Only the lines below from the one containing "this 1288×966 image." through the one containing "Some of the text" belong in the answer, set down exactly, with the pictures left out.

[Stored records]:
*-*-*

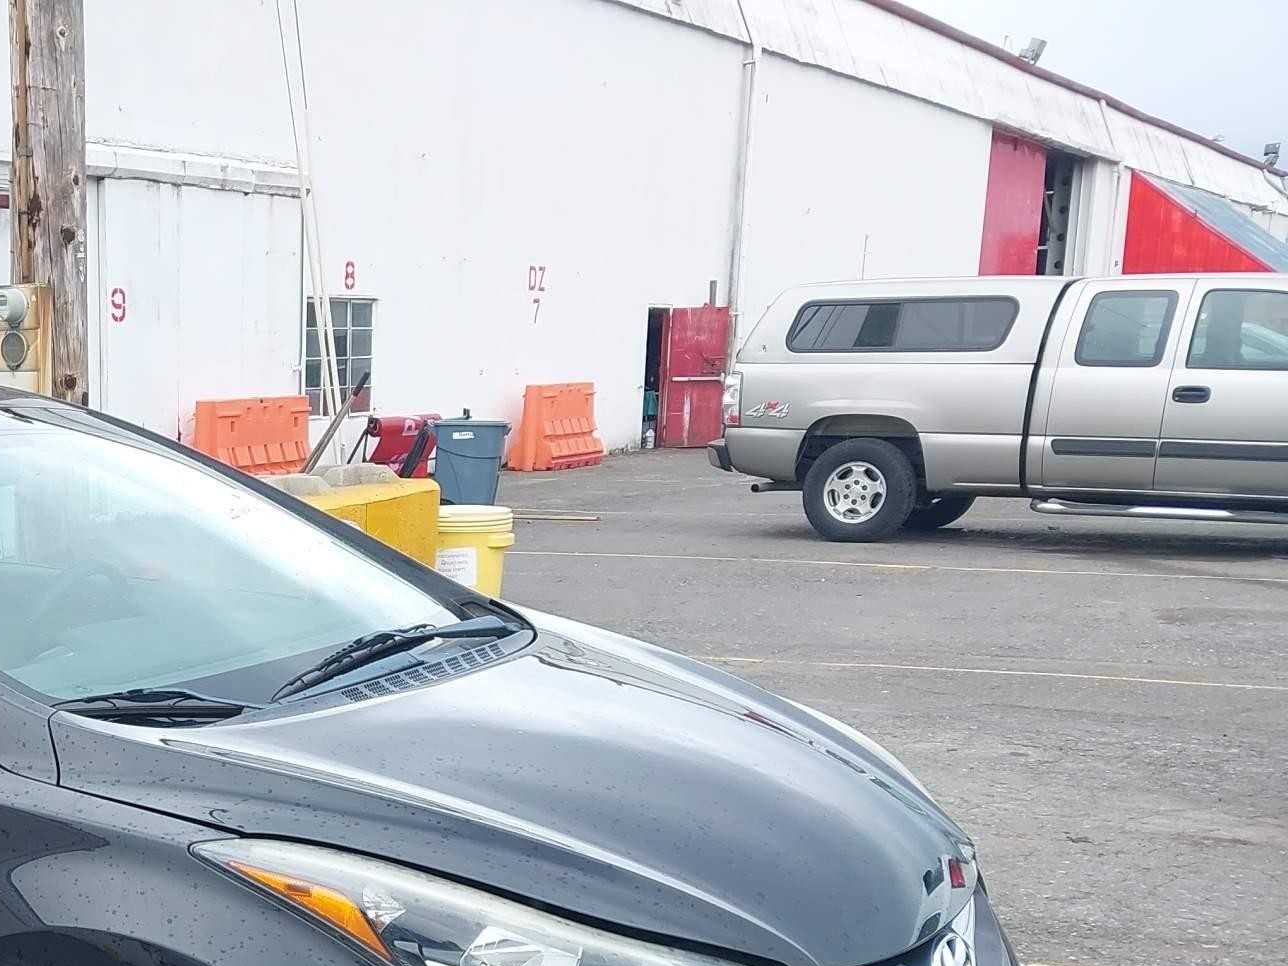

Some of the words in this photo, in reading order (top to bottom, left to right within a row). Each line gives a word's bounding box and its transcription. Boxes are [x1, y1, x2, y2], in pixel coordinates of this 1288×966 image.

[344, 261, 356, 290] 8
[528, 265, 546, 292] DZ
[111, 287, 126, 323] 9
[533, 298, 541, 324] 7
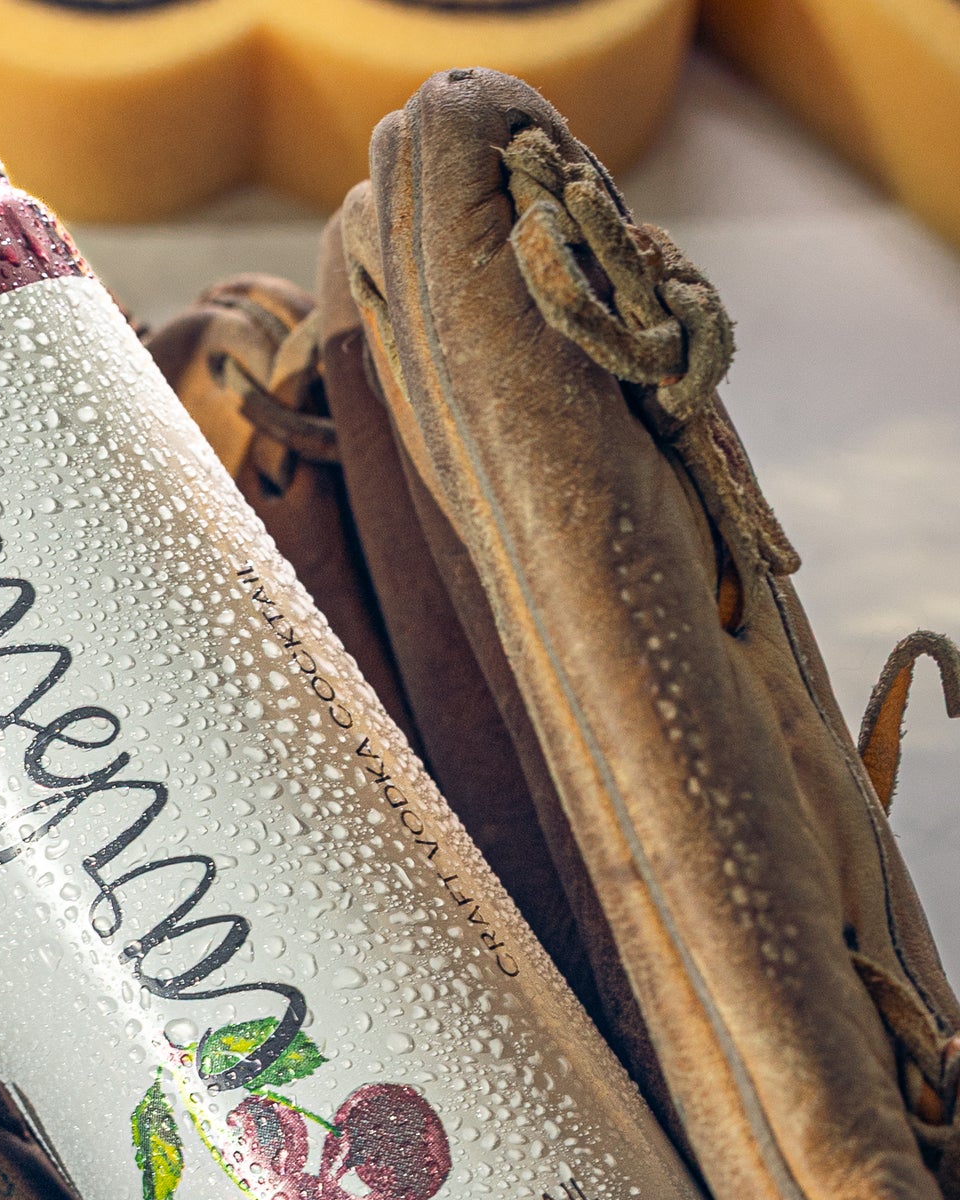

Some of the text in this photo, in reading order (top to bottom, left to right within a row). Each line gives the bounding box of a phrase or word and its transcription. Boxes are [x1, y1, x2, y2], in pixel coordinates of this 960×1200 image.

*-*-*

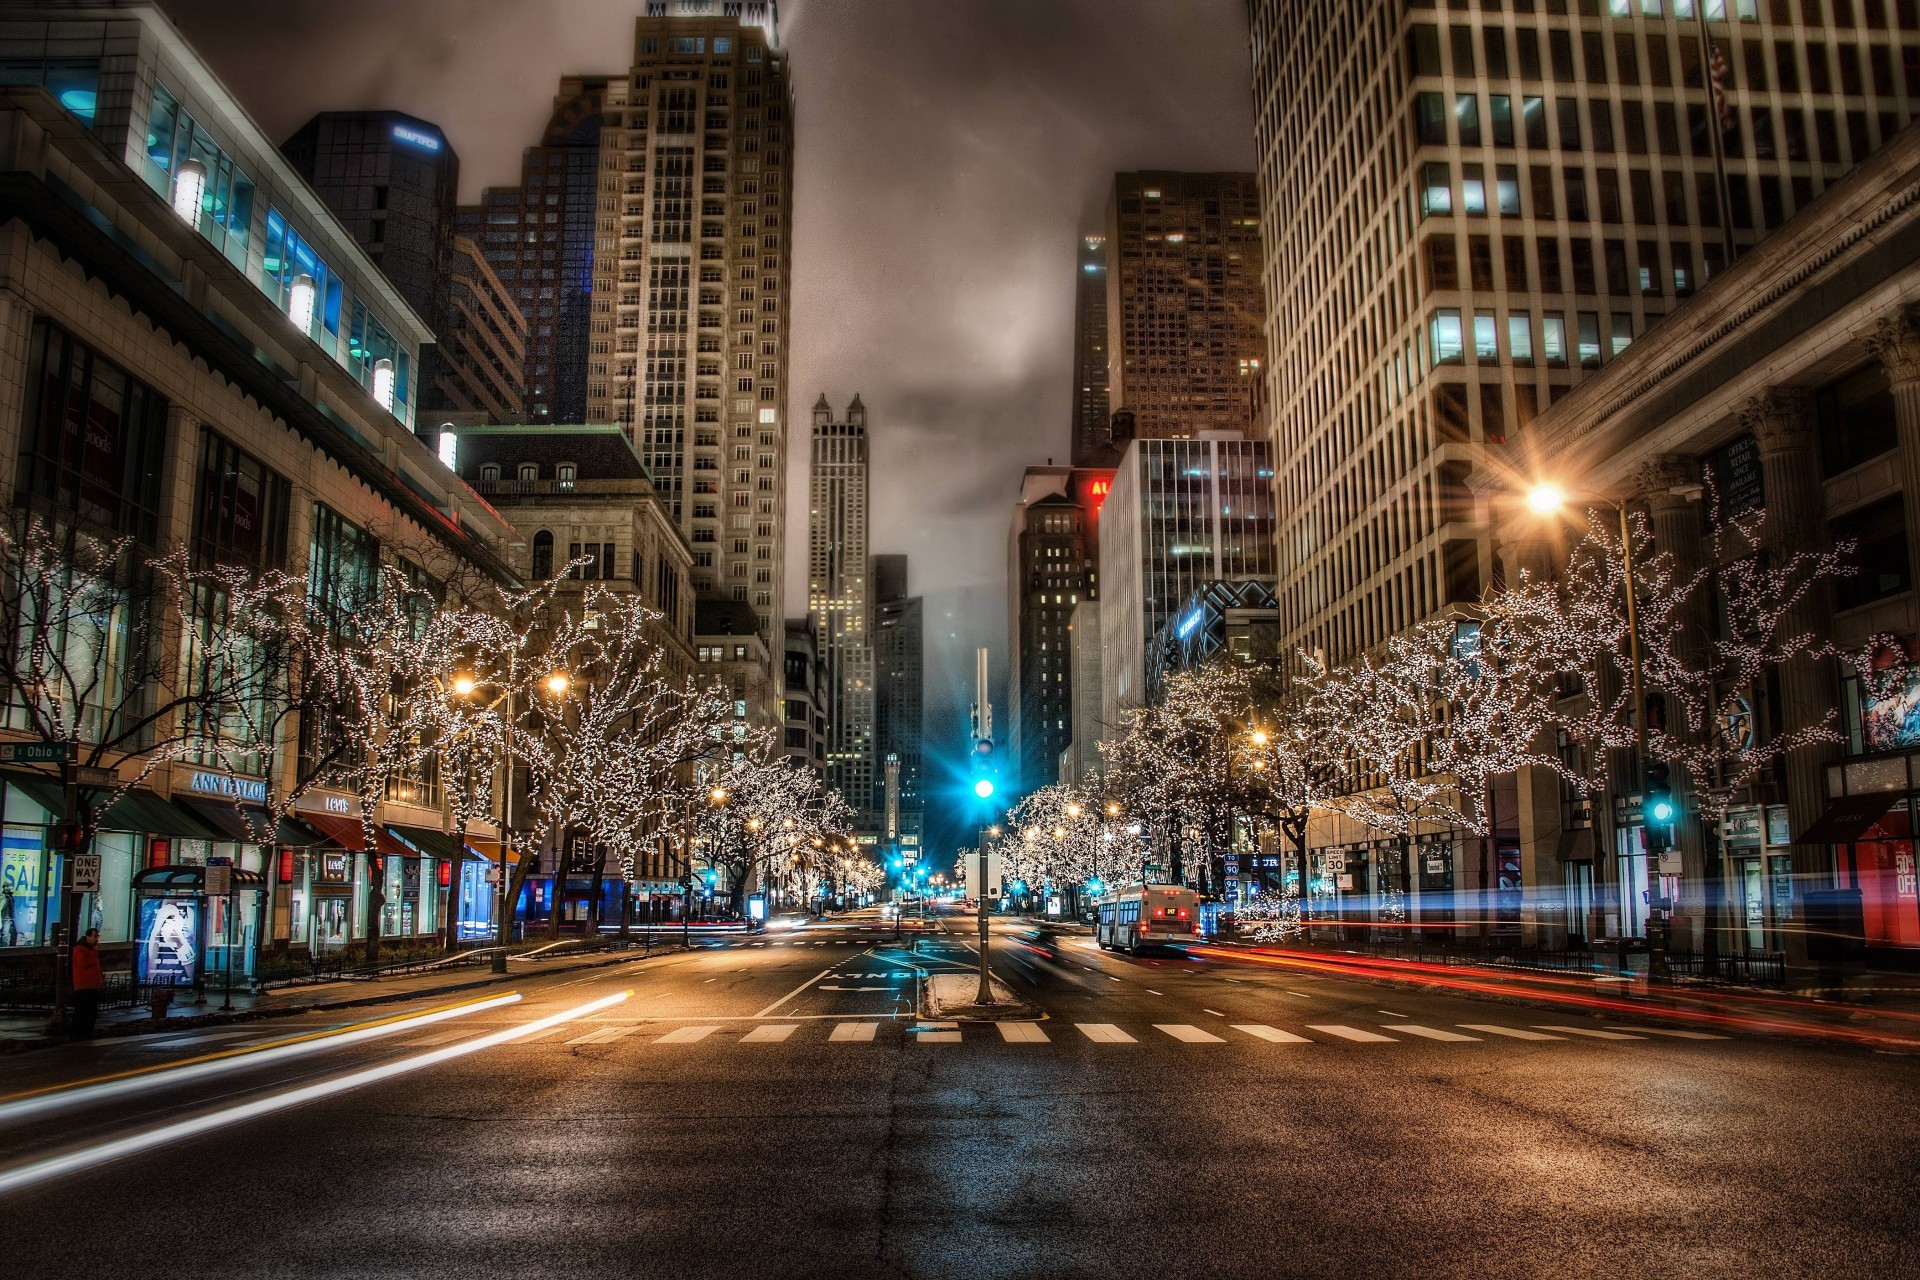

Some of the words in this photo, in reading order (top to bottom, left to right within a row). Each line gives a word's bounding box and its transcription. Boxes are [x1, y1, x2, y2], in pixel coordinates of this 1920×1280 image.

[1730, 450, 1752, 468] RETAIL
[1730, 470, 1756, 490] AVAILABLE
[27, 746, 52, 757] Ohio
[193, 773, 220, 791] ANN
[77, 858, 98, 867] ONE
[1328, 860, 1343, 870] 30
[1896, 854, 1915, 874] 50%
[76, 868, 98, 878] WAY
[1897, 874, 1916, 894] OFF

*-*-*

[YOUR RESPONSE]:
Some of the words in this photo, in reading order (top to bottom, left to right within a row). Each line gives a word's bounding box and its transcription. Boxes are [x1, y1, x2, y2], in pixel coordinates of this 1288×966 image.

[344, 261, 356, 290] 8
[528, 265, 546, 292] DZ
[111, 287, 126, 323] 9
[533, 298, 541, 324] 7

Some of the text in this photo, in reading order (top to bottom, left to right within a row). Each line gives the bounding box of a phrase or word and its transcription. Boxes are [x1, y1, x2, y2], in pixel coordinates of this 960×1200 image.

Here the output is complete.